March 24, 2024

Is America’s healthcare system a kleptocapitalist nightmare?

American health care is perishing under the weight of its greed, according to an editorial in JAMA by Donald M. Berwick, a well-known former administrator of the Centers for Medicare and Medicaid Services (CMS).

In an essay titled “Salve Lucrum*: The Existential Threat of Greed in US Health Care’, Berwick argues that

The grip of financial self-interest in US health care is becoming a stranglehold, with dangerous and pervasive consequences. No sector of US health care is immune from the immoderate pursuit of profit, neither drug companies, nor insurers, nor hospitals, nor investors, nor physician practices …

Profit may have its place in motivating innovation and higher quality in health care, as in any industry. But kleptocapitalist behaviors that raise prices, salaries, market power, and government payment to extreme levels hurt patients and families, vulnerable institutions, governmental programs, small and large businesses, and workforce morale.
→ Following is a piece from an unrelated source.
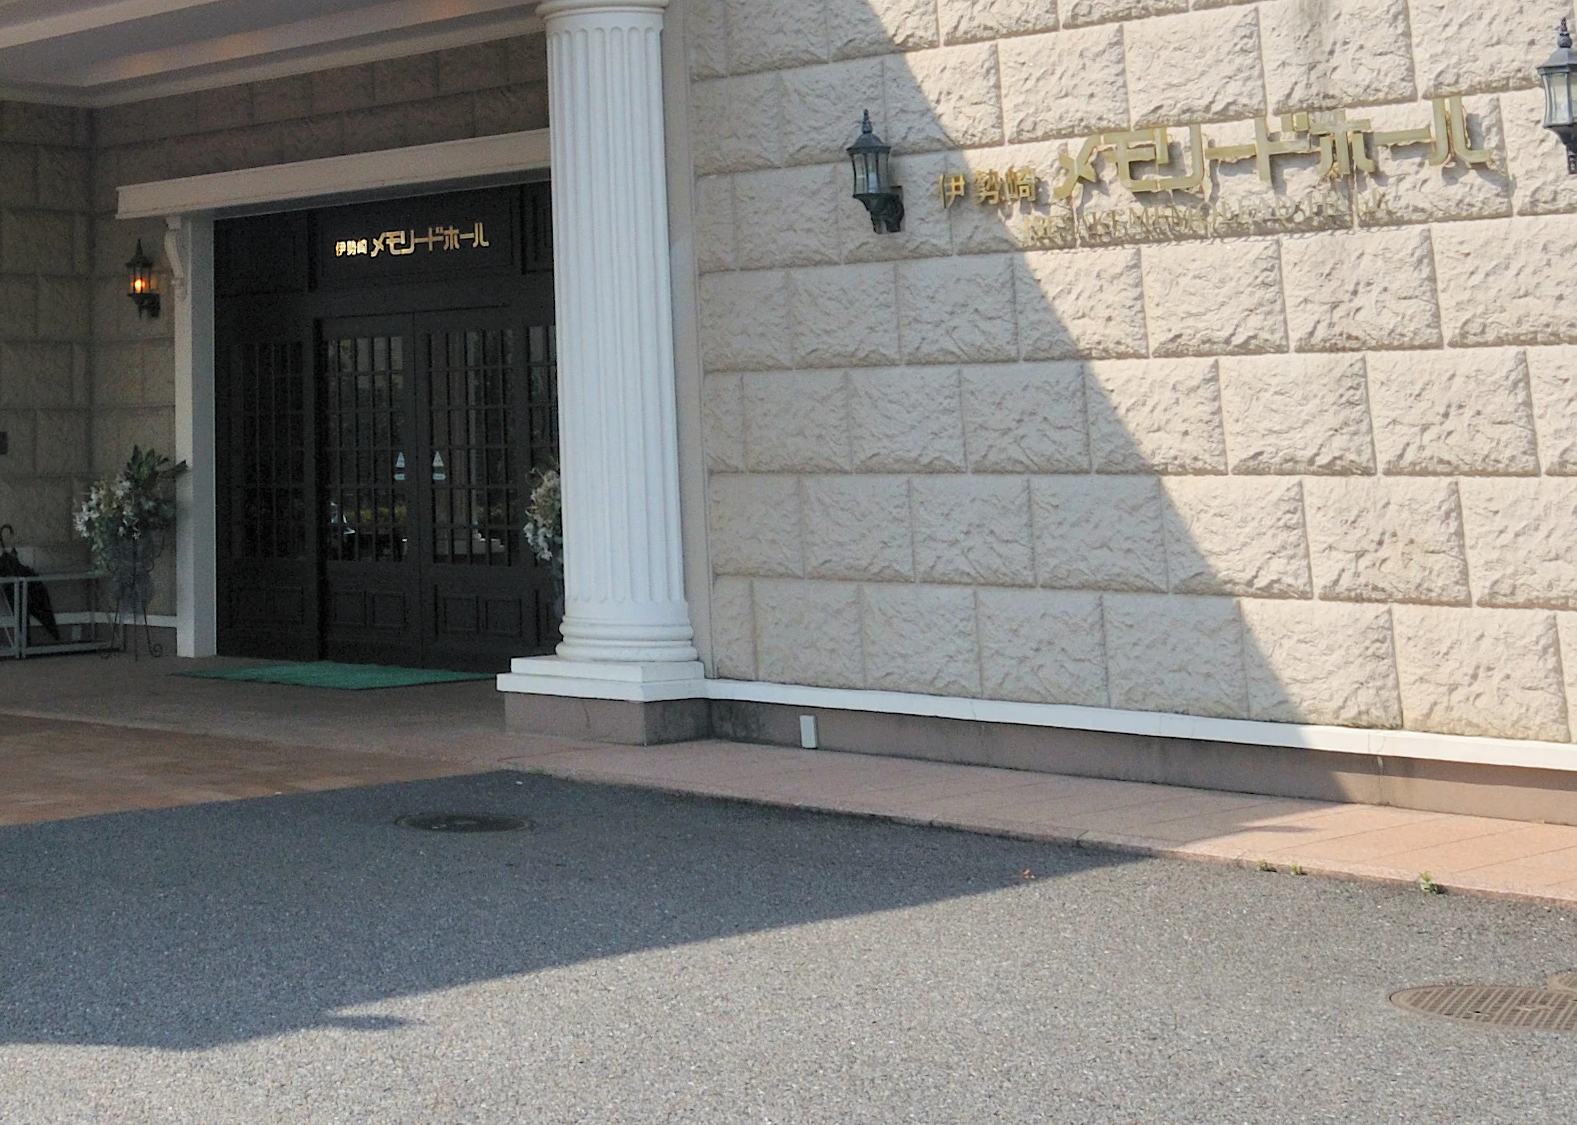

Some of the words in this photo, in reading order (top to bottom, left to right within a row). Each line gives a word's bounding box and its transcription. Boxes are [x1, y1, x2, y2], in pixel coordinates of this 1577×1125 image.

[938, 166, 1036, 208] 伊勢崎
[1053, 96, 1489, 198] メモリードホール
[370, 222, 489, 257] メモリードホール
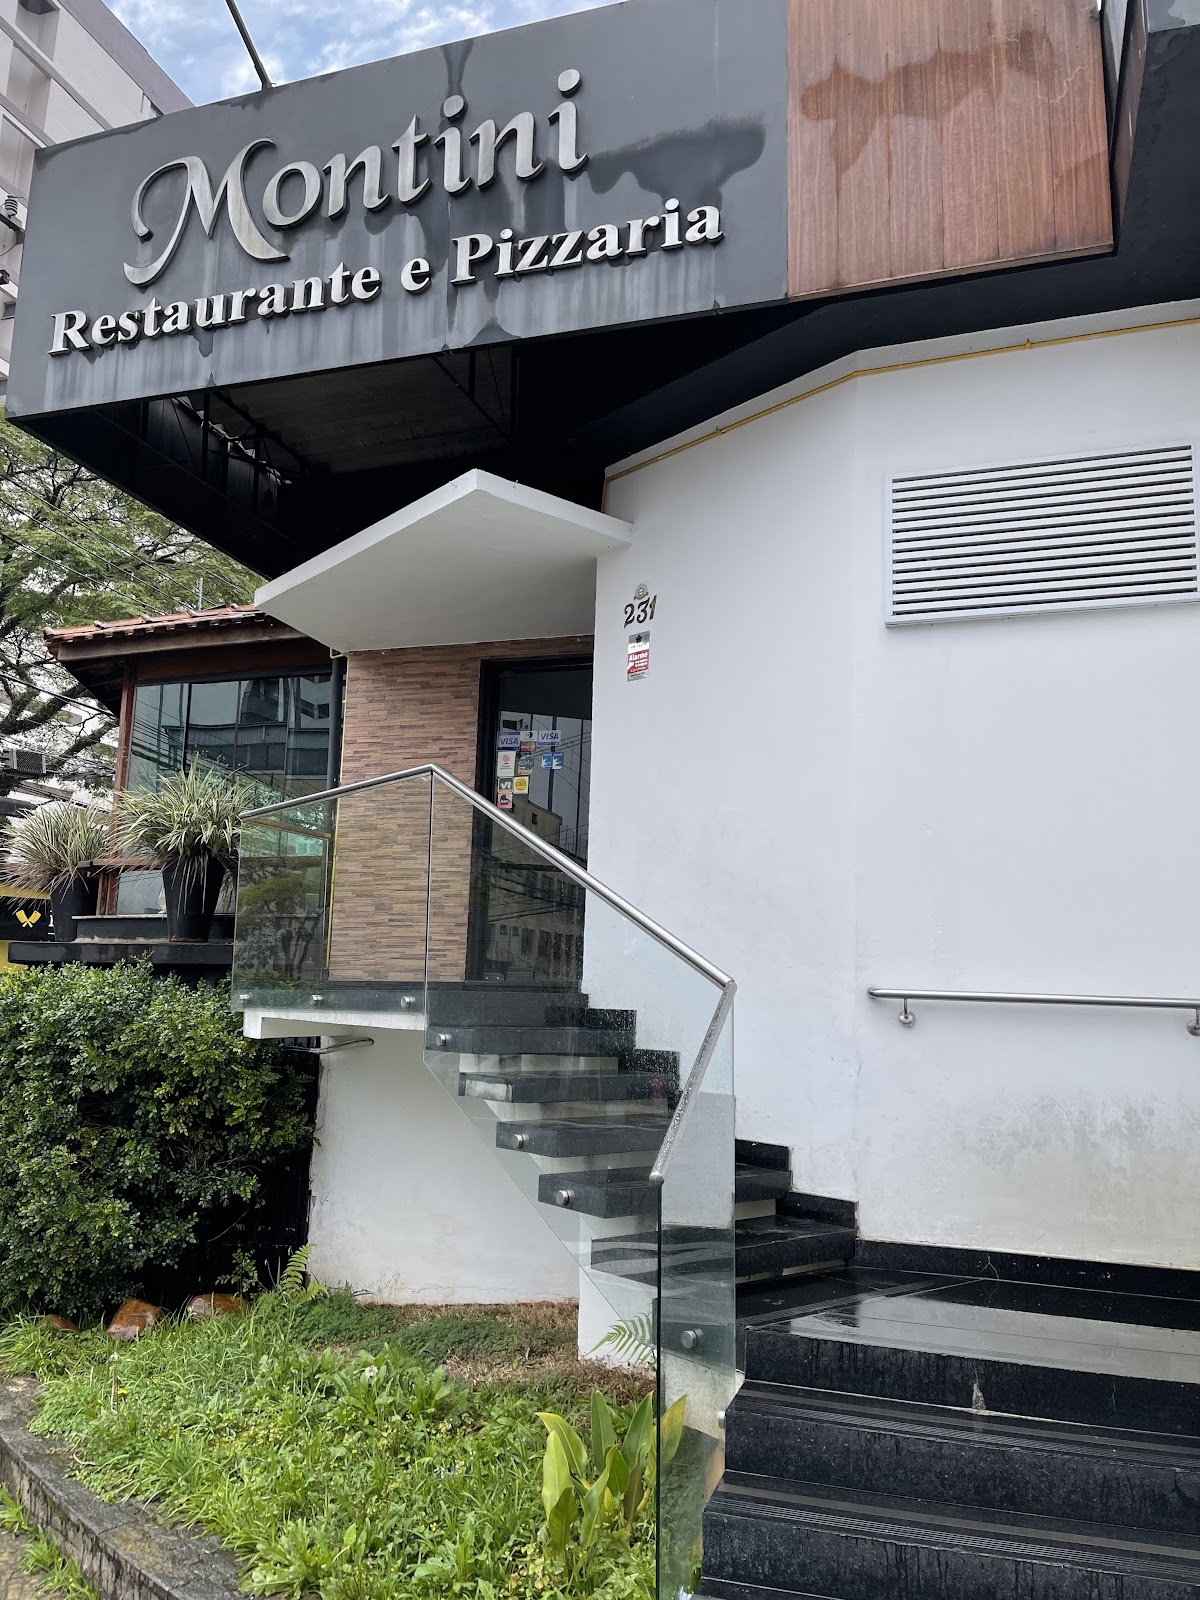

Those behaviors, mostly legal but nonetheless wrong, have now accumulated to a level that poses an existential threat to a sustainable, equitable, and compassionate health care system.

Comments on his eloquent anger by readers of JAMA were varied. Most were supportive, but others supported the free market in the provision of healthcare: “Excessive prices and waste in medical goods and services in the U.S. is [sic] due to unnecessary government intervention and third-party involvement in payment. These things are controlled to some extent elsewhere by rationing. Greed will never be removed from human interactions. What keeps it in check is free competition.”

*Salve Lucrum is a Latin phrase meaning “hail, profit!”